Case Reports of COVID 19 Recurrence

Panagiota Caralis 1,
PMCID: PMC7883137  PMID: 33583244

Abstract

CASE REPORT OF COVID 19—Recurrence We describe as case series of 7 patients who presented with a recurrence of COVID 19 by PCR test an average of 94.9 days after their initial symptomatic presentation of illness. Patients had tested negative by PCR or had evidence of antibodies in between the 2 episodes. The majority of patients were asymptomatic on the second presentation and were found incidentally on prescreen for procedures, surgery. The subsequent positive COVID-19 PCR tests resulted in cancellations of clinic, procedures, surgery, and impacted patients’ home and employment status. Further studies are needed to understand the mechanisms and ultimate outcomes of these recurrences.
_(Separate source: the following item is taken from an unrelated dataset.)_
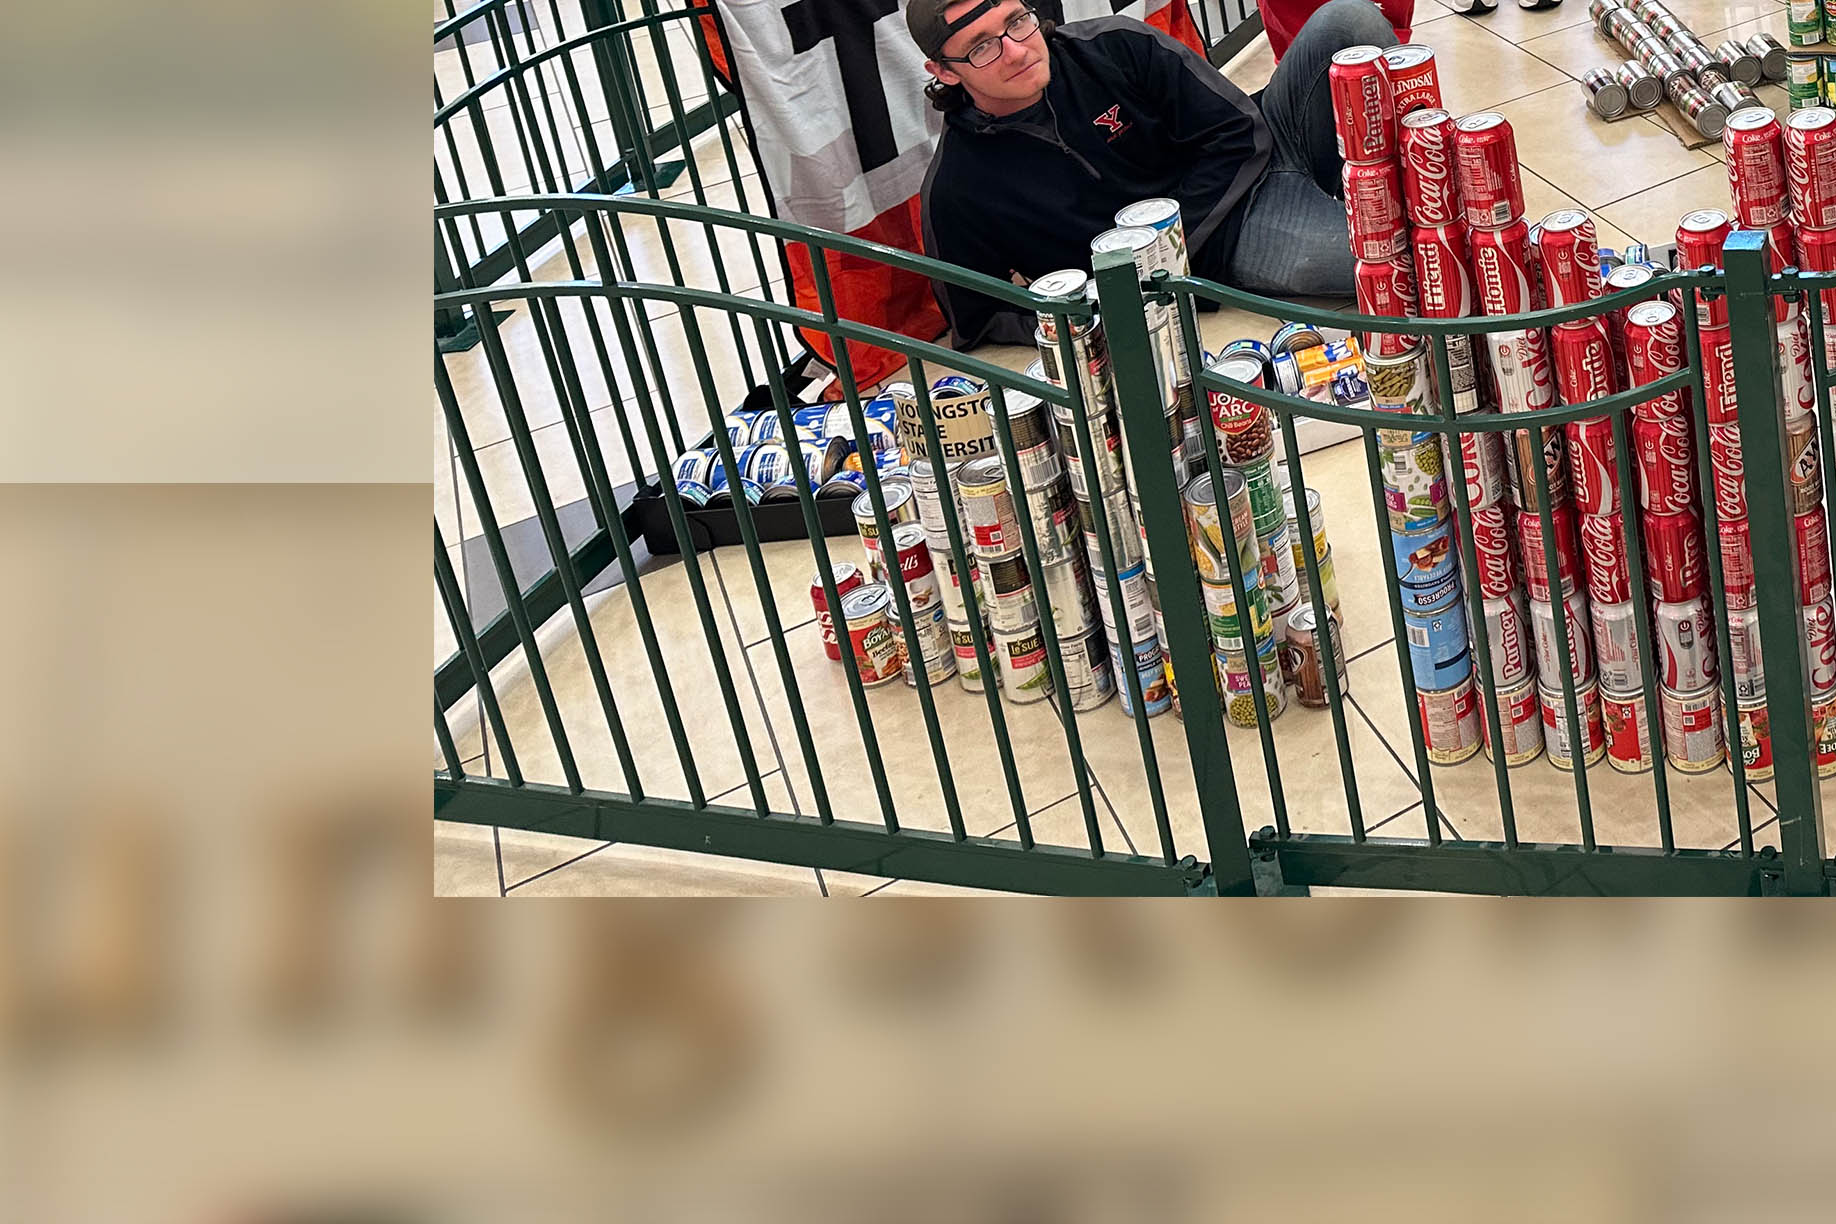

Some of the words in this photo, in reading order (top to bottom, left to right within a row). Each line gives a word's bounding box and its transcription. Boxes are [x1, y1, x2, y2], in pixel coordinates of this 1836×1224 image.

Keywords: COVID-19, Clinical Recurrences, disease management, Testing results, disease outcomes

Background

The first confirmed case of COVID-19 reinfection in the United States occurred the week of October 14, 2020 in a 25 year-old Nevada man who tested positive for the virus in April, recovered, then fell ill and tested positive again in June. In his case the second presentation was more serious and he was hospitalized and given oxygen. Genetic sequencing turned up significant differences between the virus samples taken in April and June indicating a second infection rather than the virus lingering dormant in the system after the first bout of illness.1 Other documented cases of patients have similarly been presented.2 In these infections genomic sequences were able to confirm infections as distinct isolates of SARS-CoV-2. None of the individuals had known immune deficiencies and one had pre -existing antibody (IgM) against SARS-CoV-2. In other instances, because of the wide range of serological testing platforms used, it is impossible to compare results from one assay to another and since genomic information isn’t always available, it is difficult to determine if these are new infections or resurgence of dormant virus. Antibody levels are also highly dependent on the timing after exposure so even they may not assist in determining the true reinfection versus recurrence. PCR tests for the virus can remain positive up to 3 months. That too doesn’t determine infectiousness. There are multiple proxies for determining infectiousness.3 However, most of them require biosafety level 3 facilities and are not routinely done in clinical labs.4

While reinfection rates of coronavirus have been the focus, they are rare and repeat bouts of illness, are a reality in patients who previously presented with symptoms and tested positive months earlier. For the patients and their health care providers they portend a nightmare of uncertainty for the future effectiveness of vaccines, quarantines and lockdowns. This is distinct from “Long-haul” COVID syndrome since these patients were asymptomatic between the presentations. These cases are very challenging to determine if this is a real reinfection . More than likely it is a resurgence of symptoms connected to the original infection. The virus may set off an inflammatory response that flares up later or perhaps even a chronic low grade infection that smolders for weeks. For clinicians and patients alike, it is important to understand these occurrences since they may lead to anxiety over whether this will lead to hospitalization, a prolonged illness and long-term sequelae. Additionally, how should these patients be treated? Can they still transmit the virus to others? Are masks necessary? What procedures should be used for quarantine to help protect communities? More knowledge of these presentations and their course is needed to answer these questions.

Method

A total of 600 patients who tested positive at the Miami Veterans Health System were followed during the period of April 12, 2020 to October 21, 2020. The SARS-CoV-2 RNA was detected from nasopharyngeal swab (NPS) during the acute phase of infection. The agent was detected by the BioFire RP2.1. A COVID-19 follow-up clinic was established and all patients were then followed serially daily, by telephone encounter by an Internal Medicine provider until symptoms improved, the patient was hospitalized and until resolution of the disease. This report summarizes a group of 7 veterans who presented PCR positive for COVID 19 and after 2 months or more re-presented with a positive PCR test of the SARS-CoV-2. The same provider followed these patients again (Table 1).

Table 1.

Patients Who Presented with Recurrence of Covid-19 Test Positive.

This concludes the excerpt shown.